:: Task directions ::
When you write out the records, keep every word exact and drop the pictures.

:: Data for processing ::
* * * * * * * * *
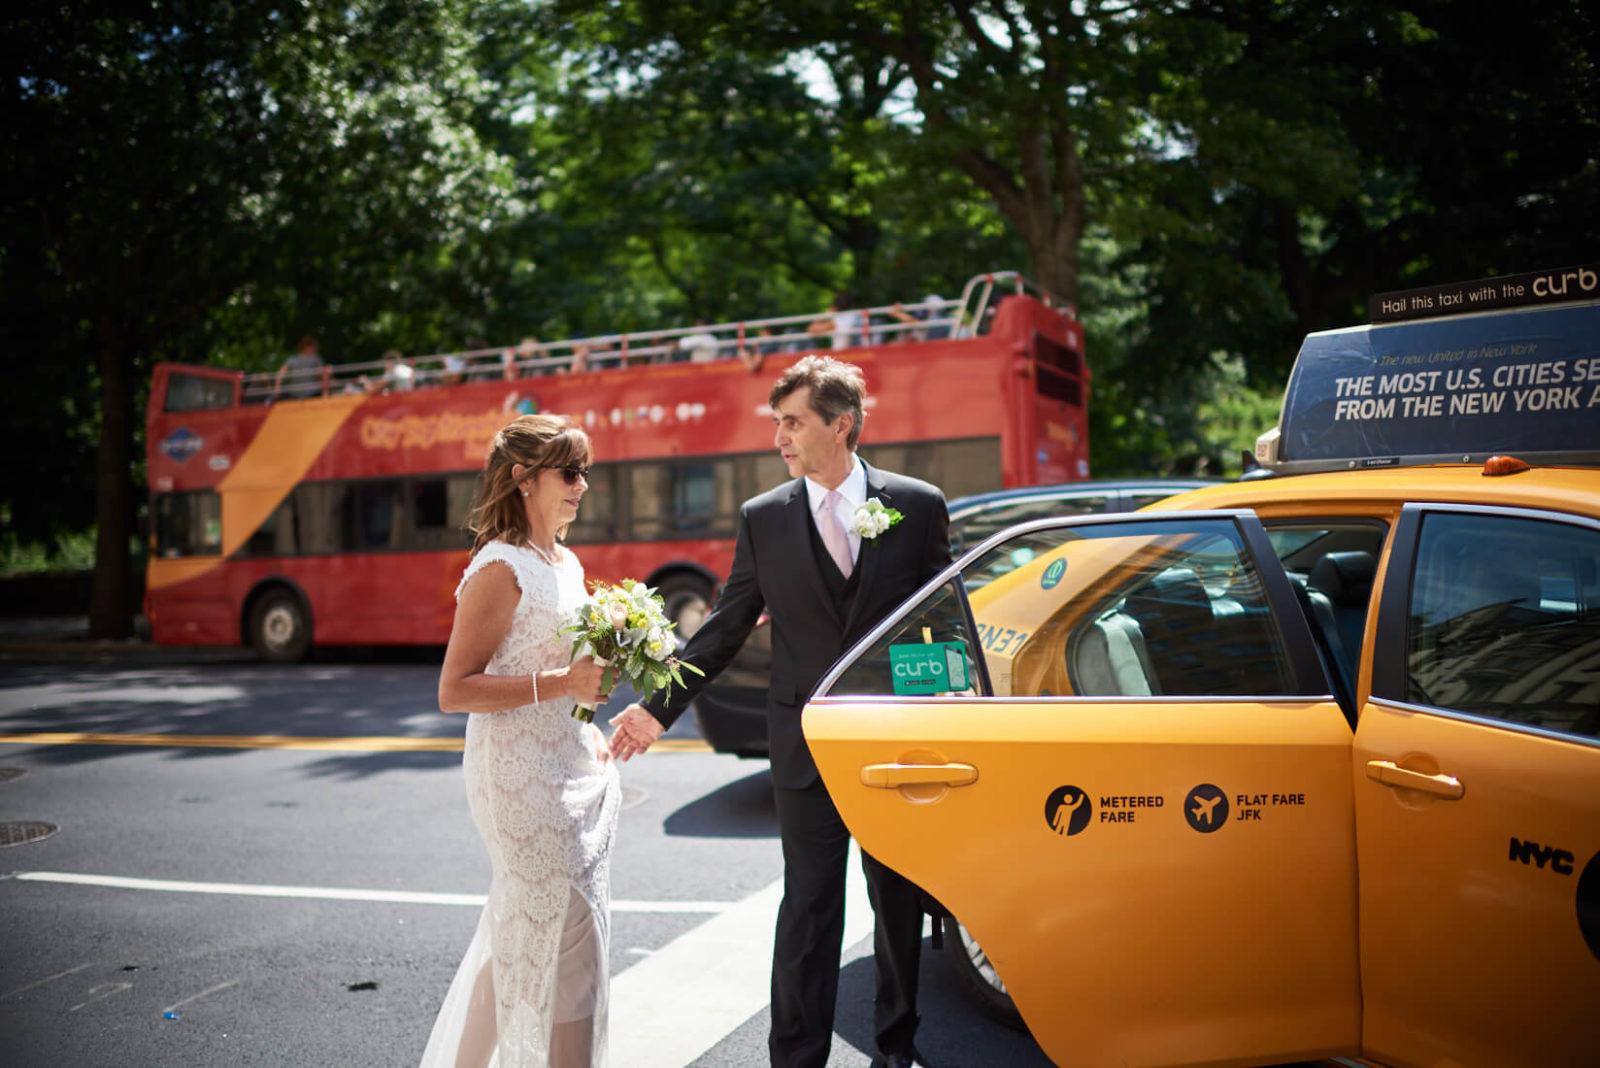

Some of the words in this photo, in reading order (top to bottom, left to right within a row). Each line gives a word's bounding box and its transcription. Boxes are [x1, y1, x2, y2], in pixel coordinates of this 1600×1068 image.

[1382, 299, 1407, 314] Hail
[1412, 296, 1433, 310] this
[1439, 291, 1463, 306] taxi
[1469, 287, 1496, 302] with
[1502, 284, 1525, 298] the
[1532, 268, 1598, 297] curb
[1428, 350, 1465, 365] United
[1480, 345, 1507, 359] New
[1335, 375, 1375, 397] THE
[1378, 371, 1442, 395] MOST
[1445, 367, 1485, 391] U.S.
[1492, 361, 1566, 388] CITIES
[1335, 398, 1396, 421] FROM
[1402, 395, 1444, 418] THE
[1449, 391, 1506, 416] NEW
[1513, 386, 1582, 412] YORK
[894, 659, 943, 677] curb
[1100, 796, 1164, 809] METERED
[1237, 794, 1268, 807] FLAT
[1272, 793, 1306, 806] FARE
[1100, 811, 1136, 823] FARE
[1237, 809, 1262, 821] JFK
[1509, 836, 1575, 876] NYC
* * * * * * * * *
:: Answer space ::
Some of the words in this photo, in reading order (top to bottom, left to right within a row). Each line gives a word's bounding box and its transcription. Boxes are [x1, y1, x2, y2], in pixel coordinates of this 1600×1068 image.

[1382, 299, 1407, 314] Hail
[1412, 296, 1433, 310] this
[1439, 291, 1463, 306] taxi
[1469, 287, 1496, 302] with
[1502, 284, 1525, 298] the
[1532, 268, 1598, 297] curb
[1428, 350, 1465, 365] United
[1480, 345, 1507, 359] New
[1335, 375, 1375, 397] THE
[1378, 371, 1442, 395] MOST
[1445, 367, 1485, 391] U.S.
[1492, 361, 1566, 388] CITIES
[1335, 398, 1396, 421] FROM
[1402, 395, 1444, 418] THE
[1449, 391, 1506, 416] NEW
[1513, 386, 1582, 412] YORK
[894, 659, 943, 677] curb
[1100, 796, 1164, 809] METERED
[1237, 794, 1268, 807] FLAT
[1272, 793, 1306, 806] FARE
[1100, 811, 1136, 823] FARE
[1237, 809, 1262, 821] JFK
[1509, 836, 1575, 876] NYC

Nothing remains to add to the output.